To Be Taught If Fortunate by Becky Chambers. I don’t think Chambers is capable of writing a bad book. This novella, while still science fiction, moves away from her Wayfarers series. The two are not at all connected, even peripherally. This is about a manned space exploration and in what is a Chambers signature it’s less about the technology than it is about the people aboard it and how they interact with each other and deal with the situation that they face. Stunning, and it should win the Hugo for best novella in 2020, although I suspect that it won’t.
The Girl Who Could Move Shit With Her Mind by Jackson Ford. I picked this up because I liked the title. I knew nothing about it, but that is a very eye and mind catching title. It was a really fun ride. There’s a fair bit of Miriam Black about Teagan, although their ‘gifts’ are dissimilar, they have the same cynical outlook on life and the world, plus neither of them really play well with others. It was just such a thrill ride that kept me turning pages.
Middlegame by Seanan McGuire. In things that aren’t her two long running series McGuire is at the top of her game, Middlegame is an example of that. It shares a bit with All the Birds in the Sky in that it’s about two gifted people who first meet when they’re children, separate and then life forces them back together again. It does have a McGuire/Mira Grant (Mira Grant is a pseudonym for Seanan McGuire, it tends to deal with zombies and recently mermaids) hallmark to it, in that the two principals are part of a giant genetic experiment. I think it’s the best thing that McGuire has written under her own name.

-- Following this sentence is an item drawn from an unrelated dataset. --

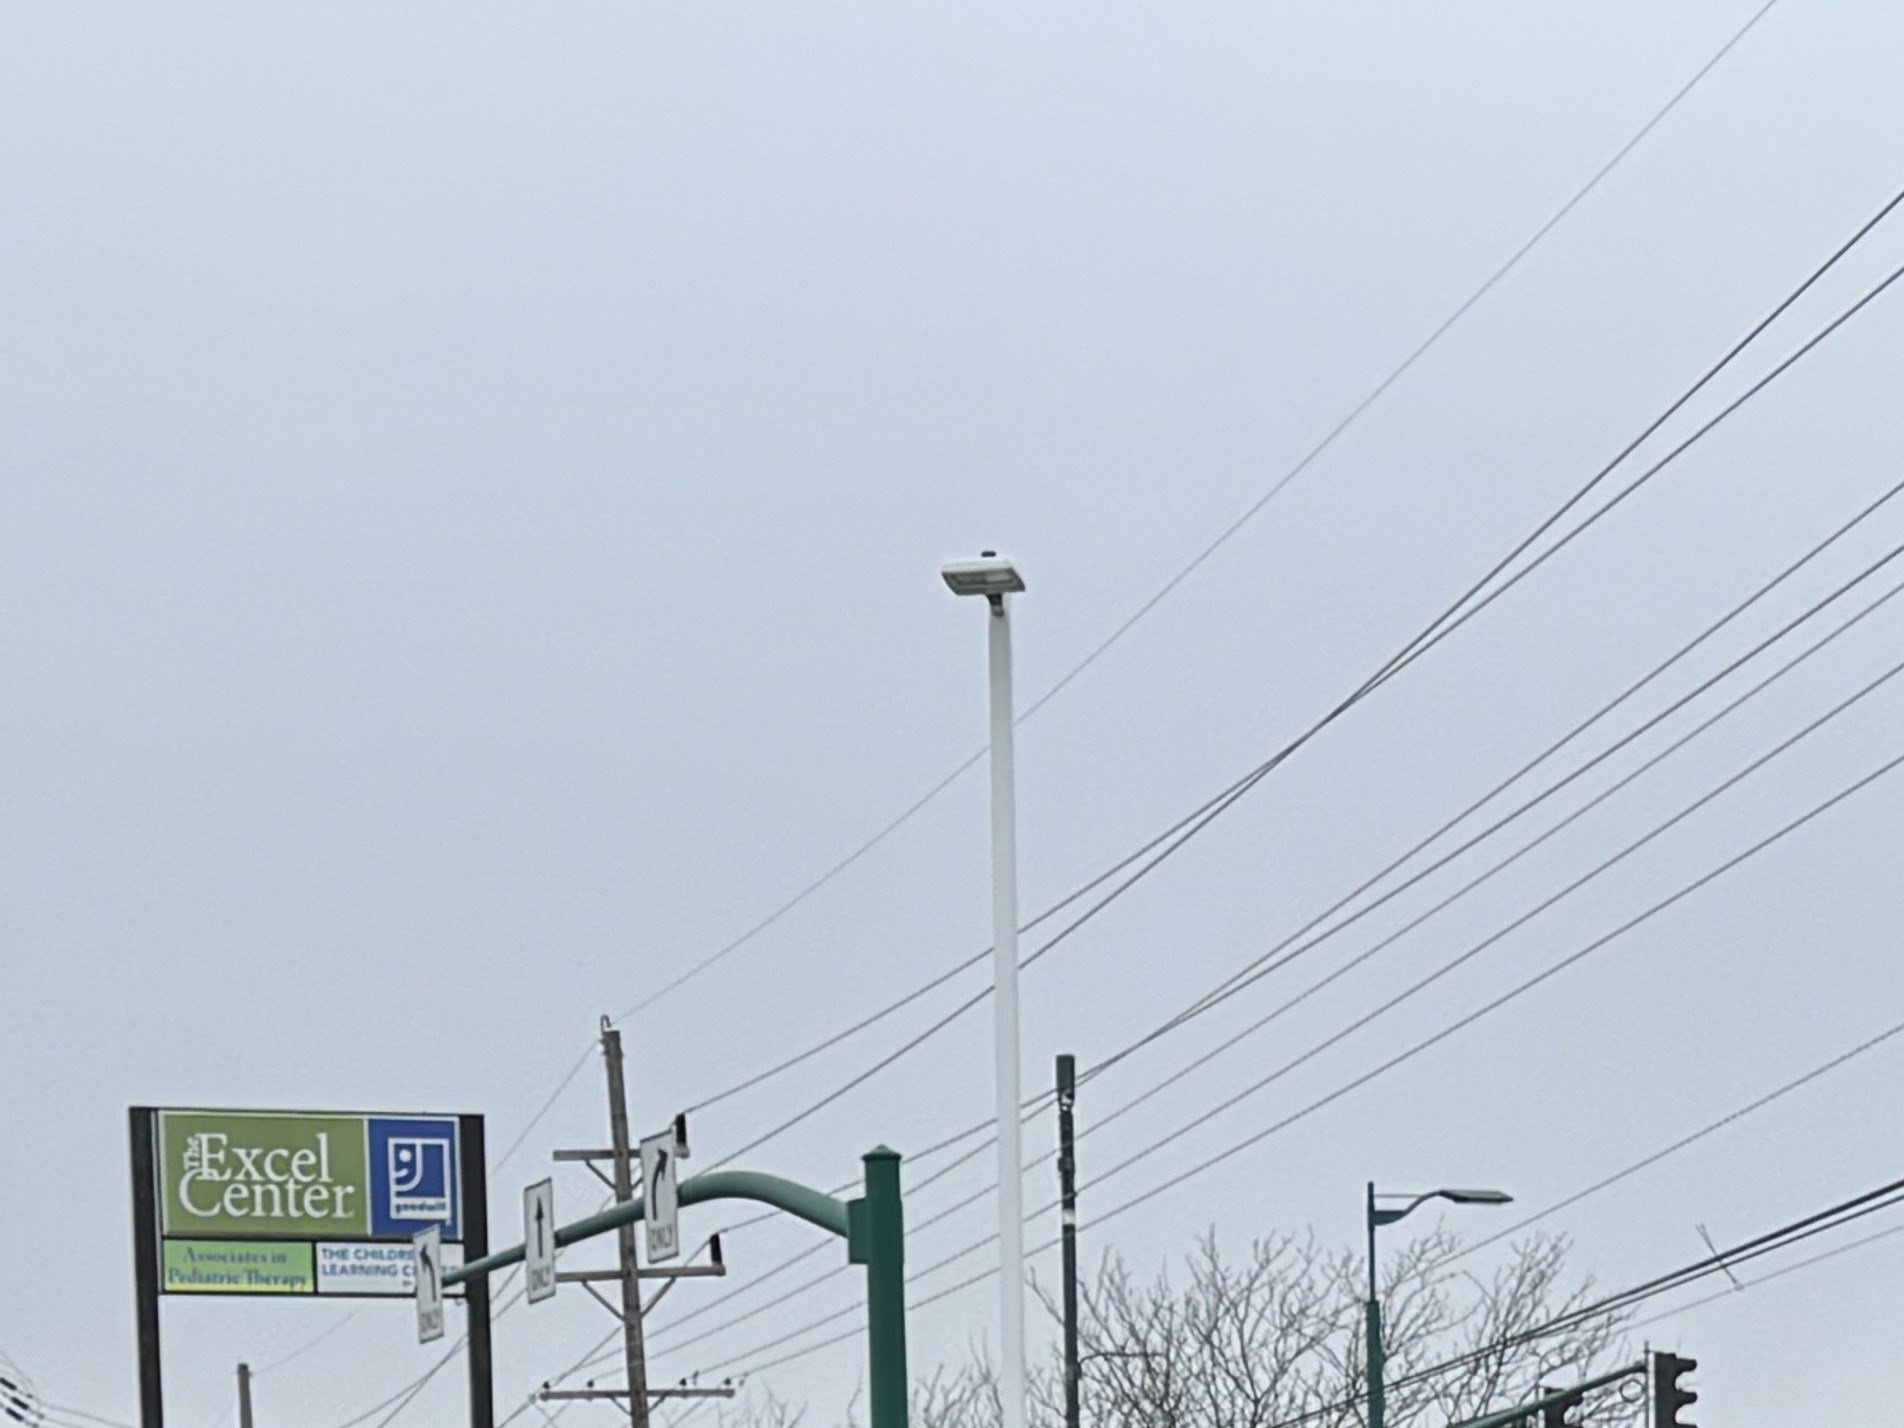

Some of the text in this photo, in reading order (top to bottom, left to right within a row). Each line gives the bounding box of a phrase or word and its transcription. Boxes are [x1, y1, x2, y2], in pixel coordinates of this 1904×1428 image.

A Little Hatred by Joe Abercrombie. Abercrombie returns to the Circleworld, where he set his first 6 novels, after a successful foray into dystopian YA fiction with the Shattered Seas trilogy. Plenty of time has passed between the events in Red Country and A Little Hatred, enough that the characters of the original 6 novels have had families who have grown up and taken centre stage. It’s the coming of the 2.0’s Abercrombie style. I’m not generally a fan of grim dark, but Abercrombie does it with more style and humour than any of his contemporaries and that trademark wit is on display throughout A Little Hatred, it’s also an interesting fantasy look at the Industrial Revolution. I’ve said it before, and I will say it again: Abercrombie is a one trick pony, but he does that trick better than anyone else with a similar act.